§ **Brief**:
Each line below should be repeated exactly as written, with no pictures carried over.

─── Data for the task ───

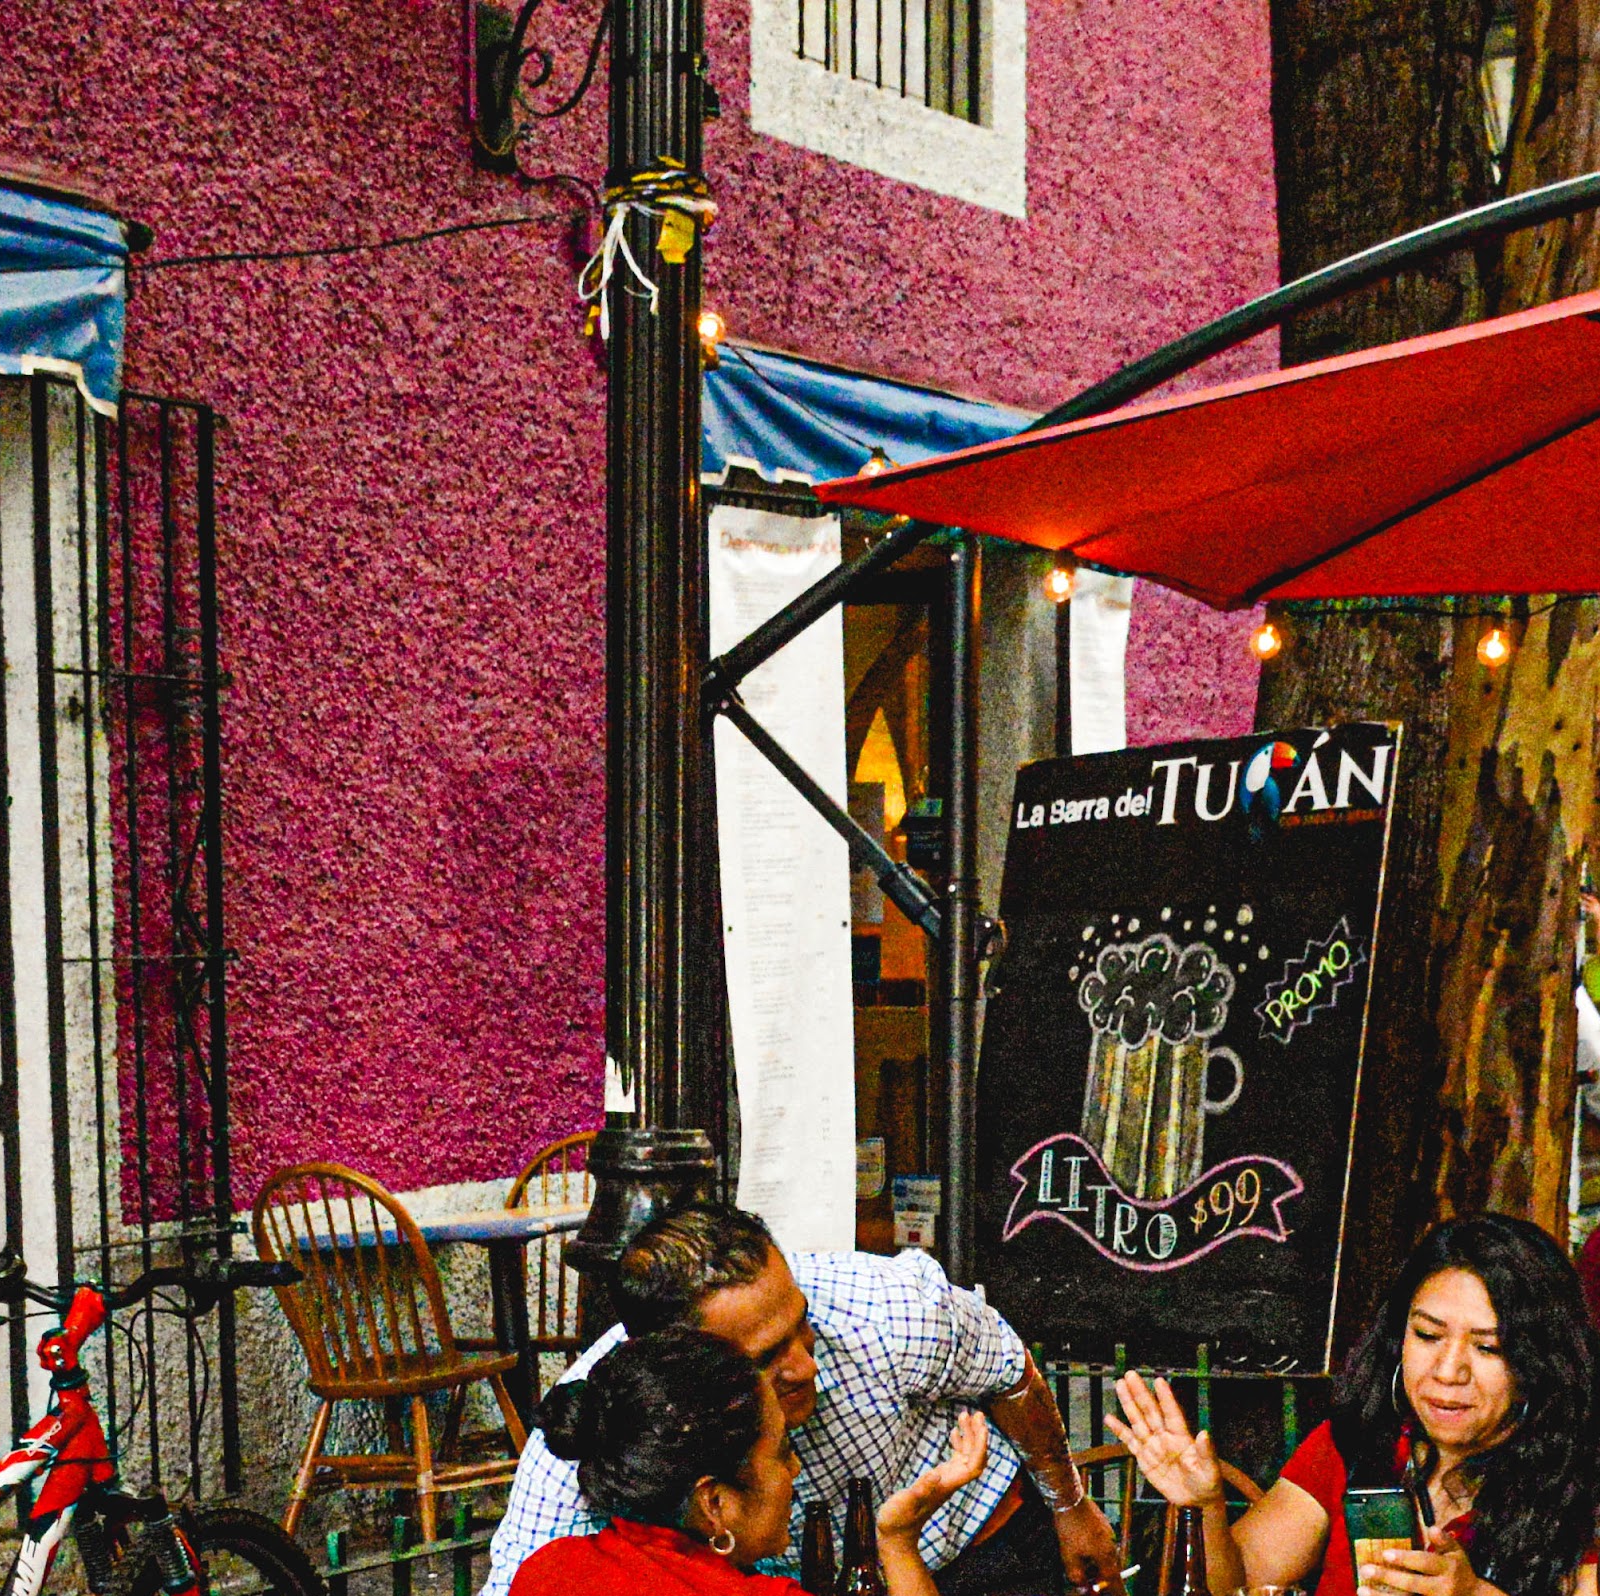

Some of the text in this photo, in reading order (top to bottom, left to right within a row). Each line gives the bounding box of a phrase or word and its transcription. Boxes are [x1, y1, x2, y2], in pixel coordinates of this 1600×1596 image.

[1016, 802, 1045, 829] La
[1049, 797, 1109, 825] Barra
[1114, 785, 1154, 817] del
[1151, 731, 1393, 826] TUÁN
[1264, 940, 1351, 1029] PROMO
[1038, 1149, 1178, 1260] LITRO
[1189, 1168, 1261, 1238] $99
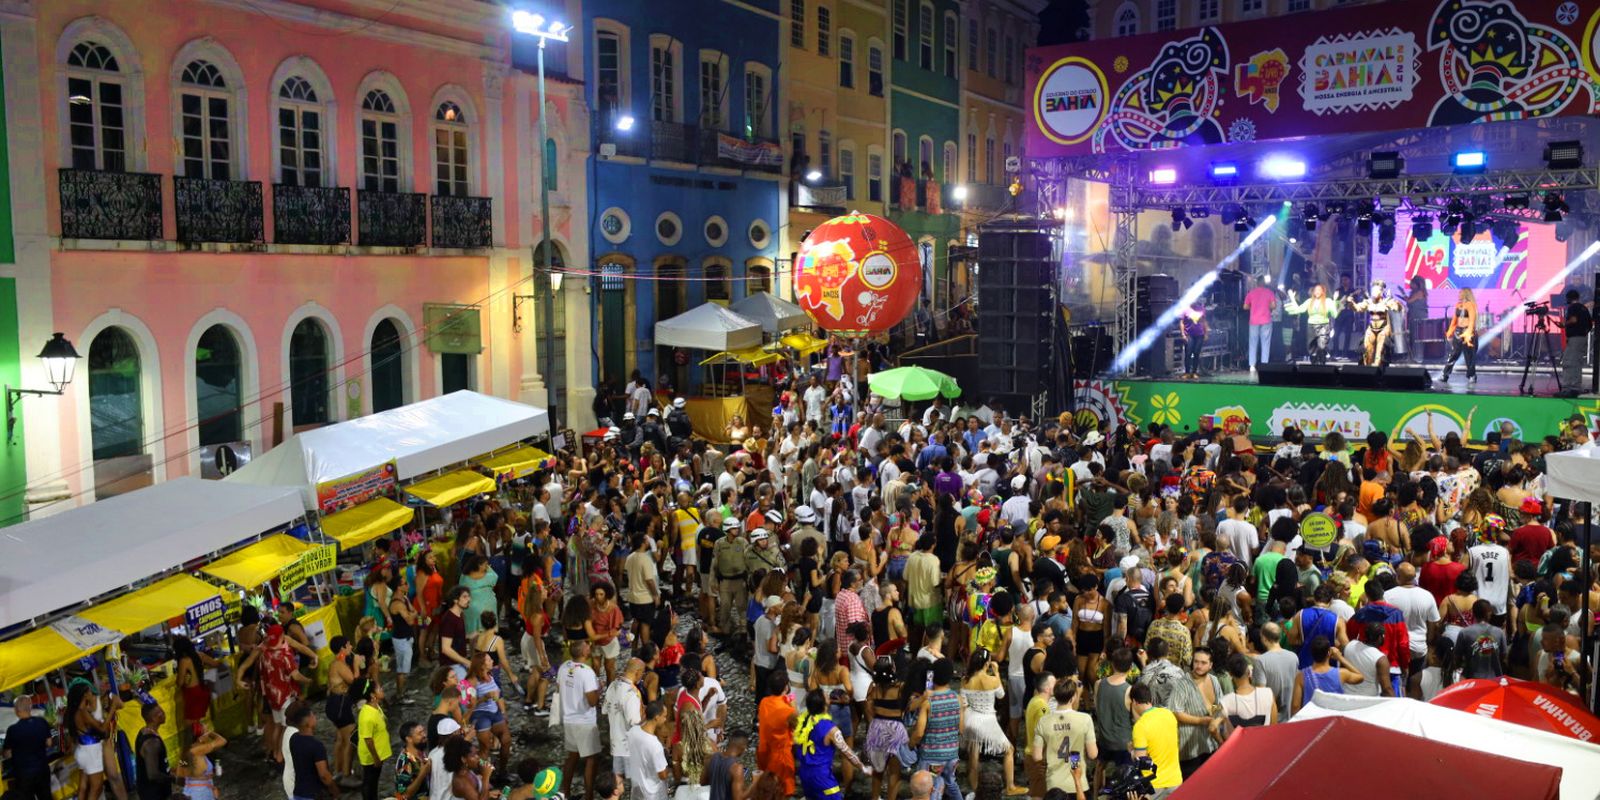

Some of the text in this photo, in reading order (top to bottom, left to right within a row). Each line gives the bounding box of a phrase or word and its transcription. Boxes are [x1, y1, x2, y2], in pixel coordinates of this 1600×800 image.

[1315, 46, 1395, 68] CARNAVAL
[1396, 45, 1404, 82] 2024
[1314, 63, 1394, 92] BAHIA
[1368, 87, 1402, 95] ANCESTRAL
[1046, 94, 1097, 112] BAHIA
[865, 266, 891, 276] BAHIA
[1281, 418, 1352, 433] CARNAVAL
[1481, 551, 1499, 560] ROSE
[1485, 562, 1493, 582] 1
[188, 598, 222, 620] TEMOS
[1054, 723, 1071, 731] ELVIS
[1532, 695, 1592, 742] BRAHMA
[1058, 736, 1070, 763] 4

───

§ **Response to this exercise**:
Some of the text in this photo, in reading order (top to bottom, left to right within a row). Each line gives the bounding box of a phrase or word and its transcription. Boxes are [x1, y1, x2, y2], in pixel coordinates of this 1600×1596 image.

[1016, 802, 1045, 829] La
[1049, 797, 1109, 825] Barra
[1114, 785, 1154, 817] del
[1151, 731, 1393, 826] TUÁN
[1264, 940, 1351, 1029] PROMO
[1038, 1149, 1178, 1260] LITRO
[1189, 1168, 1261, 1238] $99

Some of the text in this photo, in reading order (top to bottom, left to right within a row). Each line gives the bounding box of a phrase or word and its transcription. Boxes are [x1, y1, x2, y2], in pixel coordinates of this 1600×800 image.

[1315, 46, 1395, 68] CARNAVAL
[1396, 45, 1404, 82] 2024
[1314, 63, 1394, 92] BAHIA
[1368, 87, 1402, 95] ANCESTRAL
[1046, 94, 1097, 112] BAHIA
[865, 266, 891, 276] BAHIA
[1281, 418, 1352, 433] CARNAVAL
[1481, 551, 1499, 560] ROSE
[1485, 562, 1493, 582] 1
[188, 598, 222, 620] TEMOS
[1054, 723, 1071, 731] ELVIS
[1532, 695, 1592, 742] BRAHMA
[1058, 736, 1070, 763] 4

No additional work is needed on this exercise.